Goodbye, Old HP Campus / Hello, New Apple Campus

Photo by Ron Cervi
Photo by Ron Cervi

An aerial photo of the old Hewlett-Packard (HP) campus at Wolfe Road and Homestead Road in Cupertino shows that it is no more after being demolished and scraped off the earth to make way for the new Apple campus. I don’t know if this was the same campus that Apple co-founder Steve Wozniak worked at from 1973 to 1977, designing HP calculators during the day and the Apple I computer at night. If so, besides being the largest parcel of land available in Cupertino, this could be why Apple co-founder Steve Jobs chose this location.

I never worked for HP, but I did have a job interview there in March 2011 (made memorable by a shooting near my apartment). The HP campus was a ghost town after being purchased by Apple in 2010. The surrounding parking lots were vacant at mid-day. The 1970’s interiors had gone to seed many years before: multiple shades of brown, worn carpets and bad lighting. A very depressing environment for the few people still worked there. As desperate as I was for a job back then, I’m glad someone else got that desktop support job.

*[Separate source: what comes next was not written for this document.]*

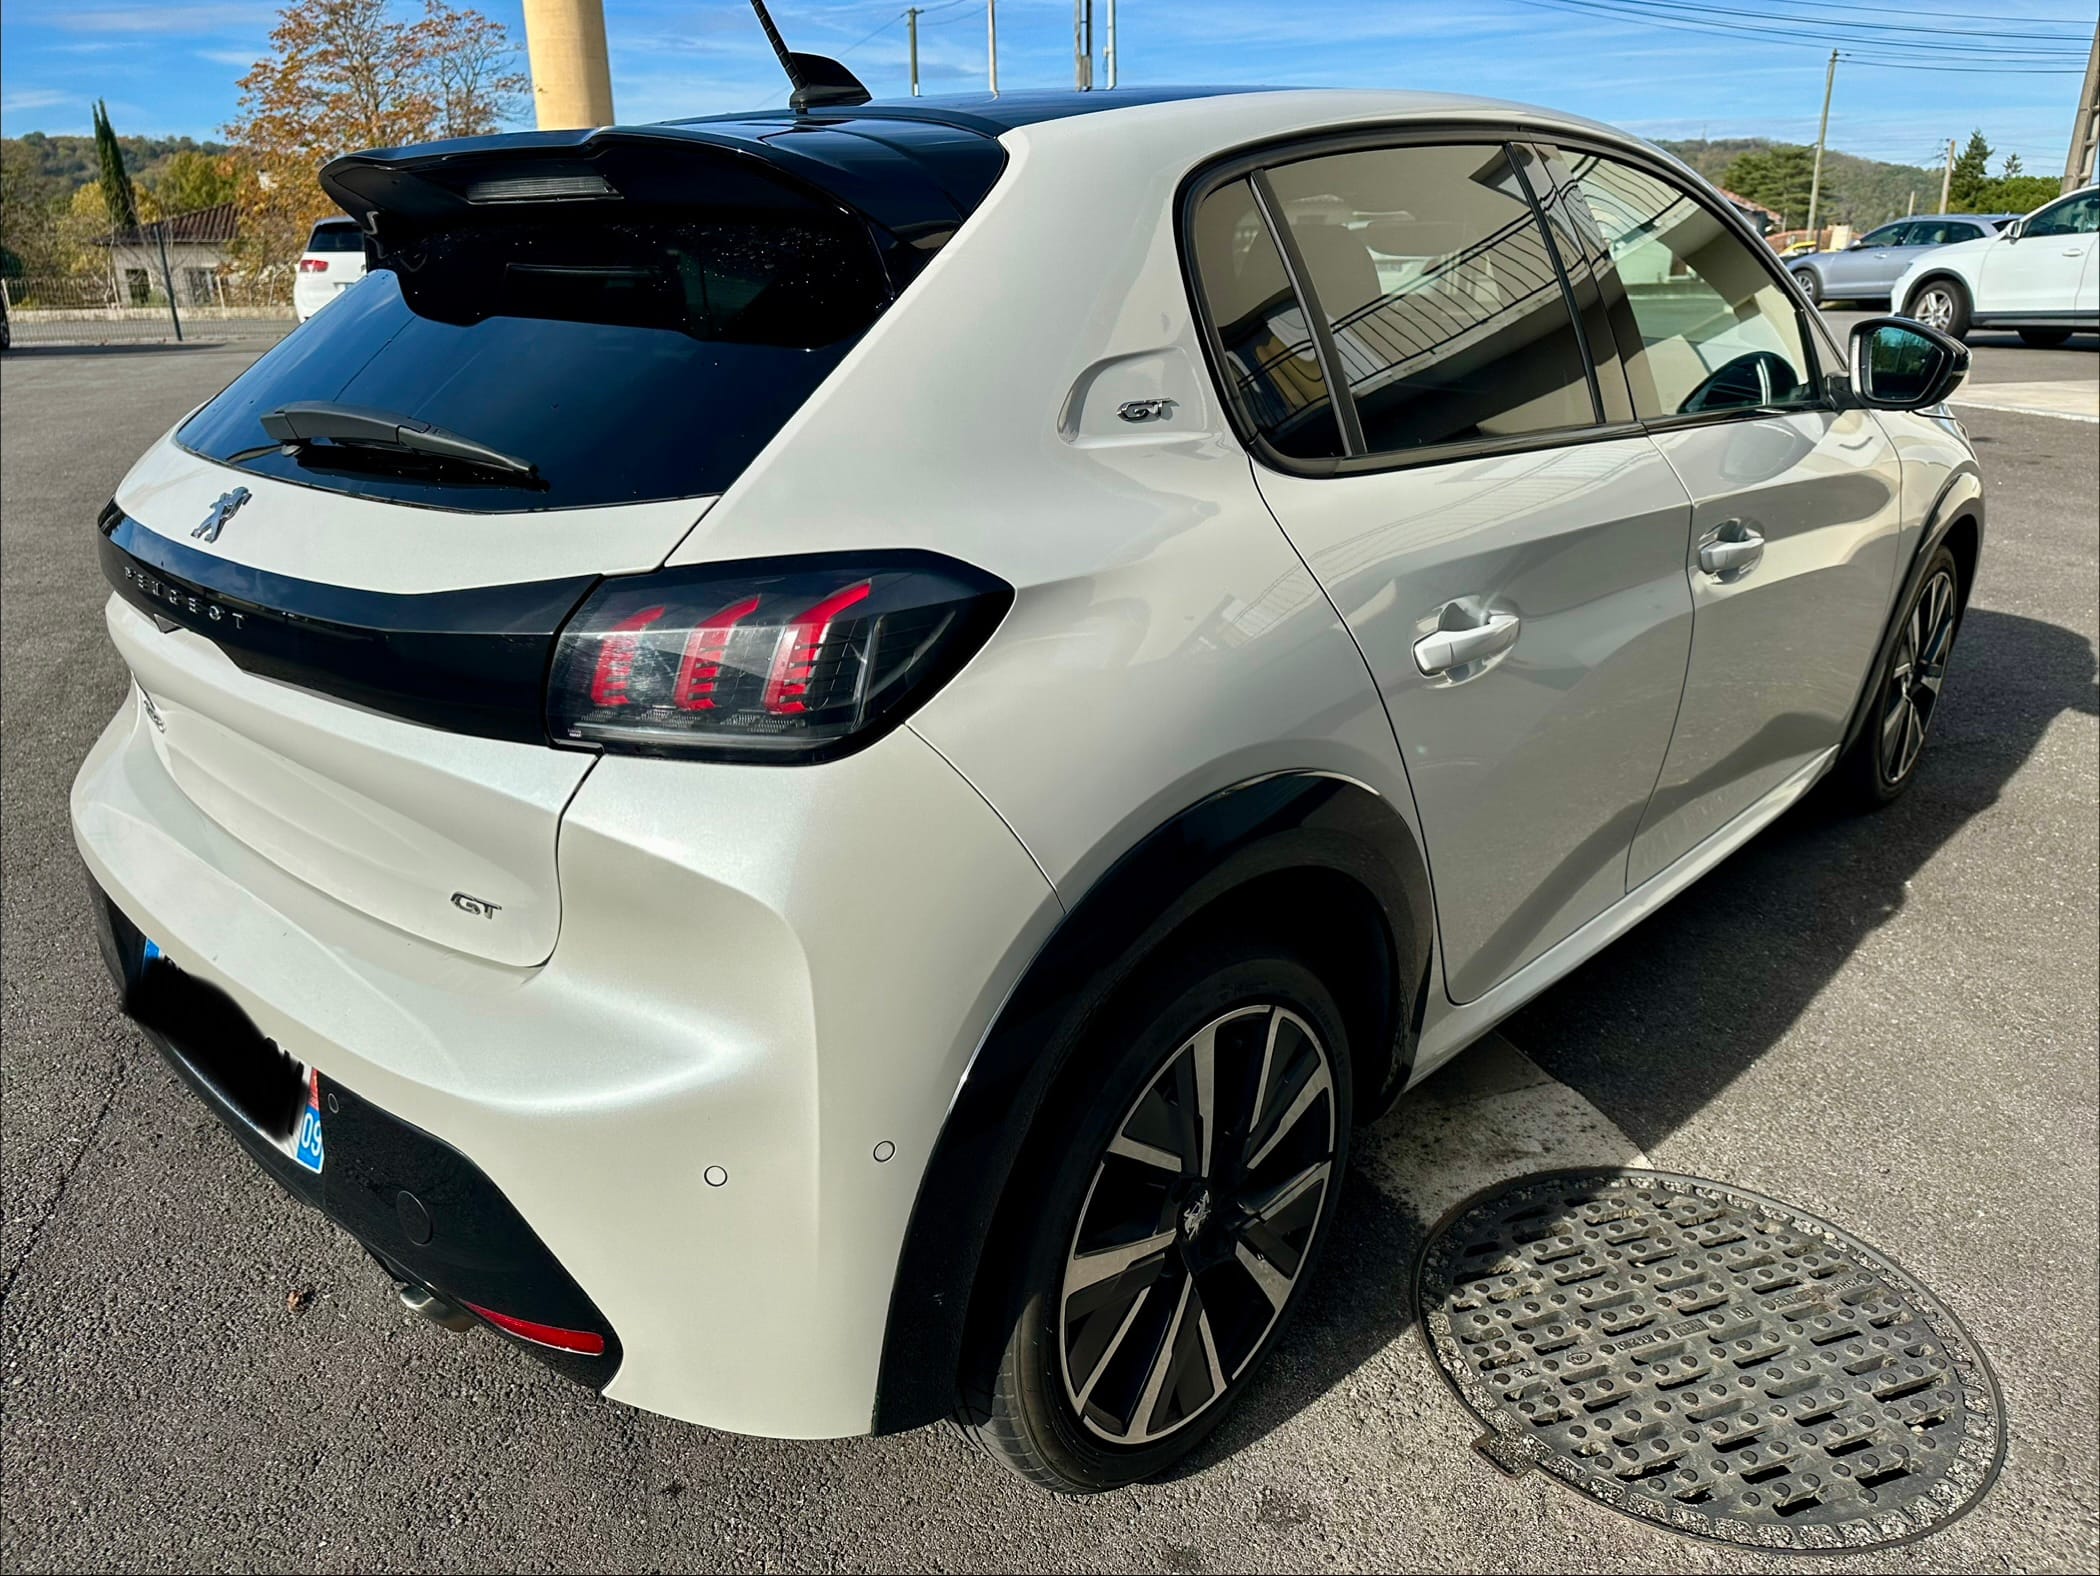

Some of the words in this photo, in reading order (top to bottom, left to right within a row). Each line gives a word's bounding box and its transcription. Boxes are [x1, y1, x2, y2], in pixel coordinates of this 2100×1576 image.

When my friend and I recently drove over to Vallco Shopping Mall to see a movie at the AMC Cupertino 16, we noticed a new sign in the parking garage that Vallco was now a Westfield shopping mall. A curious development. Vallco had a string of owners in the last two decades who didn’t know what to do with the empty shopping center. I found no mention on the Internet as to why Westfield would own another shopping mall a few miles down the street from their more successful Westfield Valley Fair Mall in San Jose.

The one thing that Westfield does extremely well is revitalizing old malls. With two-thirds of the mall vacant and blocked off from foot traffic, and limited parking space surrounding the outside of the mall, Westfield can’t double the size of the mall by building a parallel wing as it did with Valley Fair Mall and Oakridge Mall. With Apple’s new campus down the street, and a mixed development building with small stores on the ground floor and apartments on top being built across the street, the right selection of stores could draw in future foot traffic.